Earlier this month, the Dutch financial regulator, the AFM, published guidance warning fund managers against using the terms Article 8 or Article 9 in their marketing to imply “a certain degree of sustainability” based on “a non-existent label”.
Meanwhile, on this side of the Channel, we are waiting for the FCA to publish its final rules on investment labels and sustainability disclosure requirements (SDR), which will explain the criteria that need to be met to qualify for one of, currently, three sustainability labels; in other words, genuine sustainability fund classifications. So far, so different from the SFDR.
But in September, the European Commission published a consultation paper on “exploring possible options to improve the [SFDR] framework”.
The potential introduction of an EU fund labelling scheme
Opening with a series of questions about the implementation of the SFDR and its interaction with other parts of the EU’s sustainable finance framework, the consultation then acknowledges that there may be “shortcomings” in the regulation, one of which is that it is being used as a de facto classification and labelling scheme, although it was never conceived as such.
Because of that – and in spite of numerous national ESG labels around Europe – the Commission is consulting on “the merits of developing a more precise EU-level product categorisation system based on precise criteria.”
Two possible fund labelling schemes are suggested in the Commission’s consultation – one based on expanding on Article 8 and 9 by turning them into actual labels, and the other based on removing the distinction between Article 8 (promoting environmental or social characteristics) and 9 (having sustainability as an objective) entirely and introducing a new set of labels that would determine what needs to be disclosed.
Perhaps it shouldn’t come as a surprise that the possible new EU labels very closely resemble those that the FCA consulted on last year in its CP22/20, which can be summarised as Impact, Sustainable and Transitioning (known to the FCA as Sustainable Impact, Focus and Improver), with a possible fourth category in the EU of funds with an exclusion policy.
The biggest departure from the current definitions in the SFDR is the introduction of “products with a transition focus”, while the consultation also asks about the value, or otherwise, of differentiating between Sustainable and Impact – which could be seen as shorthand for the difference between Article 8 and 9 – or between products with a social as opposed to an environmental focus.
Should sustainability categories be mutually exclusive?
Another sign of how the SFDR and the SDR might appear to be getting closer is that the European Commission’s consultation is asking whether the categories of sustainability should be mutually exclusive.
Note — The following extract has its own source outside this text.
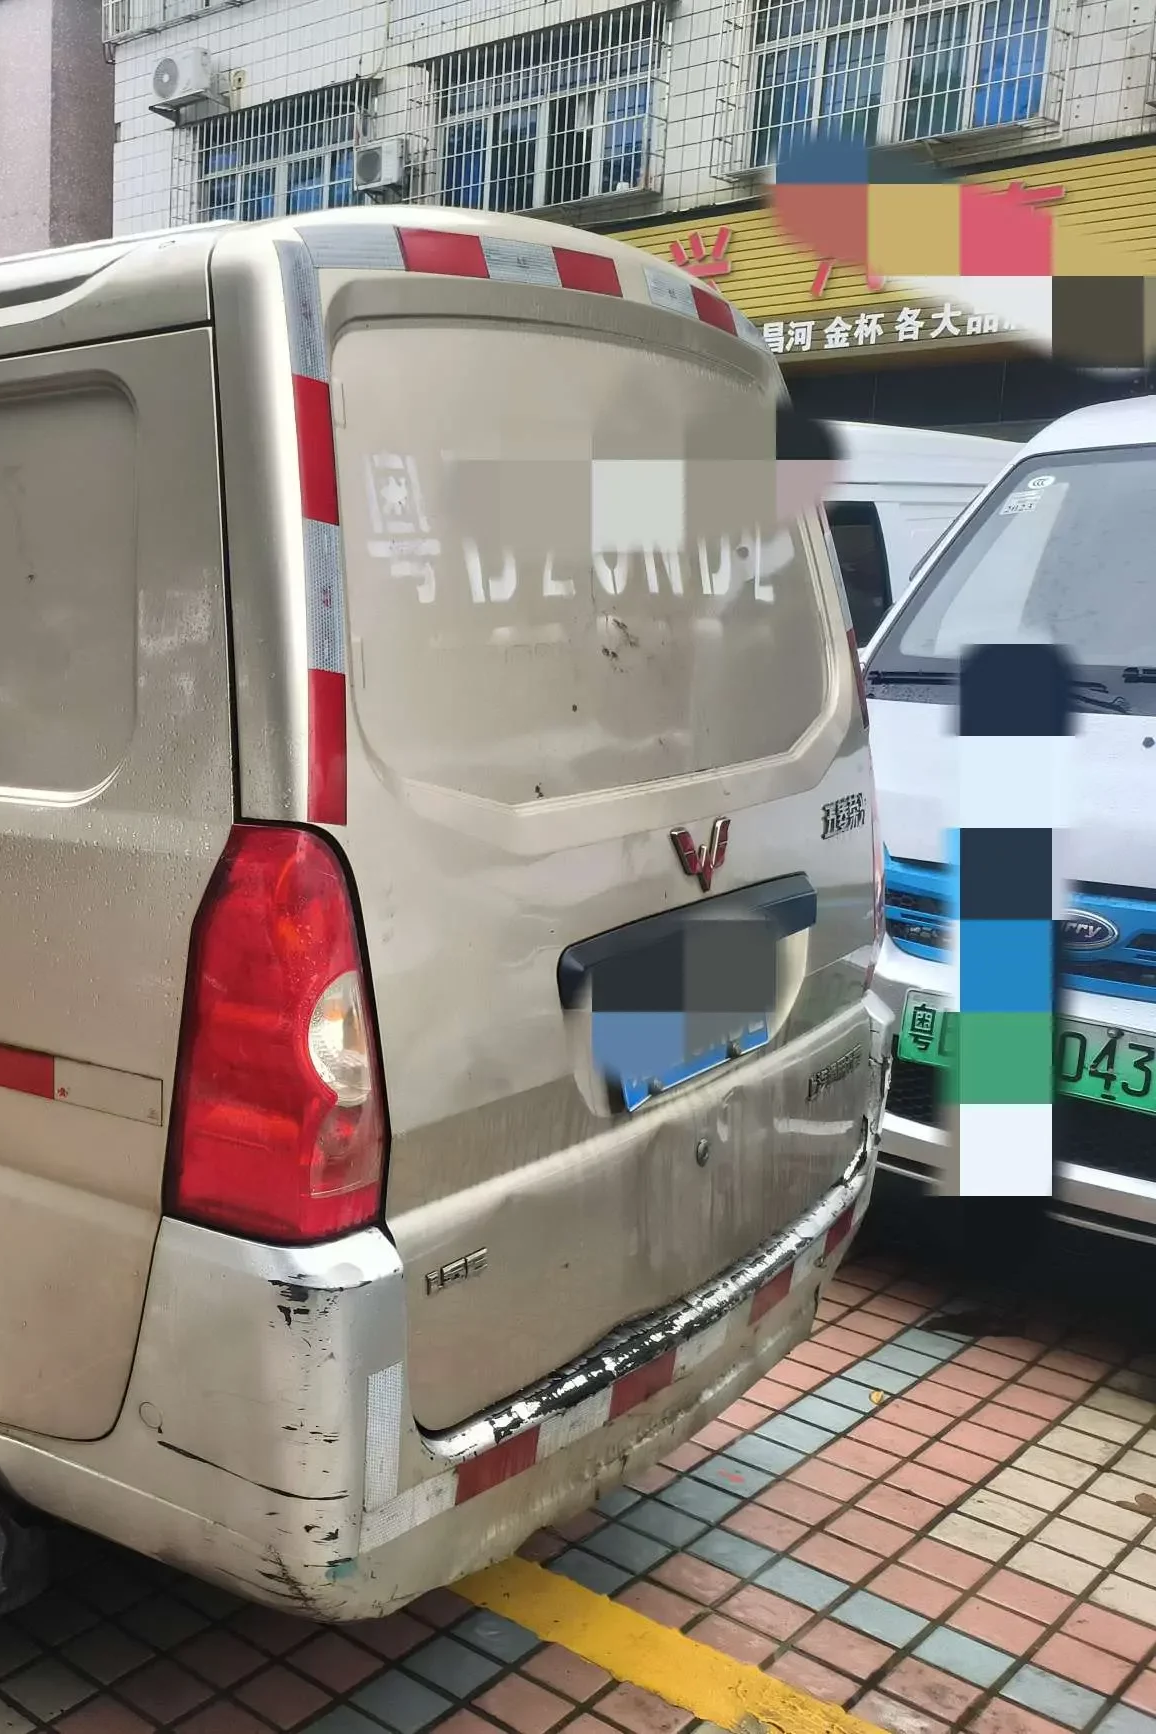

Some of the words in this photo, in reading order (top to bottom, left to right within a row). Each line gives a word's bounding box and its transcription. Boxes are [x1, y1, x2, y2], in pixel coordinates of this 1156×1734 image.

[763, 320, 815, 353] 昌河
[824, 312, 884, 349] 金杯
[895, 302, 1016, 342] 各大品
But this term means something different in the UK and EU consultations.
The EU consultation says that a fund could only belong to one category “in cases where the product meets the criteria of several categories”, while, in the UK, “the qualifying criteria…are designed to ensure that the three categories…are mutually exclusive”, so there could be no doubt which one would apply to a fund.
When the SFDR was first published, the shorthand for Article 8 was “light green” and Article 9 was “dark green”, very clearly establishing a hierarchy, which was later reinforced by the mass “downgrading” of Article 9 funds to Article 8 last year, when an attempt by the Commission to clarify the criteria only served to create more confusion. The consultation is now asking whether there should be “some additional disclosure requirements when a product falls within a specific sustainability product category”, emphasising the hierarchy, which would also apply if the option of formalising Article 8 and 9 into fund categories is adopted.
The FCA, on the other hand, is determined to avoid any implication that one category of fund is somehow greener than another, even steering clear of using shades of green for the labels themselves. Its consultation was unequivocal: “There is no hierarchy between the proposed categories: each type of product is designed to deliver a different profile of assets, and to meet different consumer preferences.”
So, are the UK and EU regulators deliberately aligning their sustainability disclosure regimes, with differences such as whether they end up with two, three or four categories and whether the definitions of each category are really “mutually exclusive” down to linguistic differences? Much will become clearer by the end of this year, when the FCA publishes its policy statement and final rules, but we will need to wait longer for the outcome of the EU consultation, as that is open until 15 December and the Commission will take some time to digest the responses.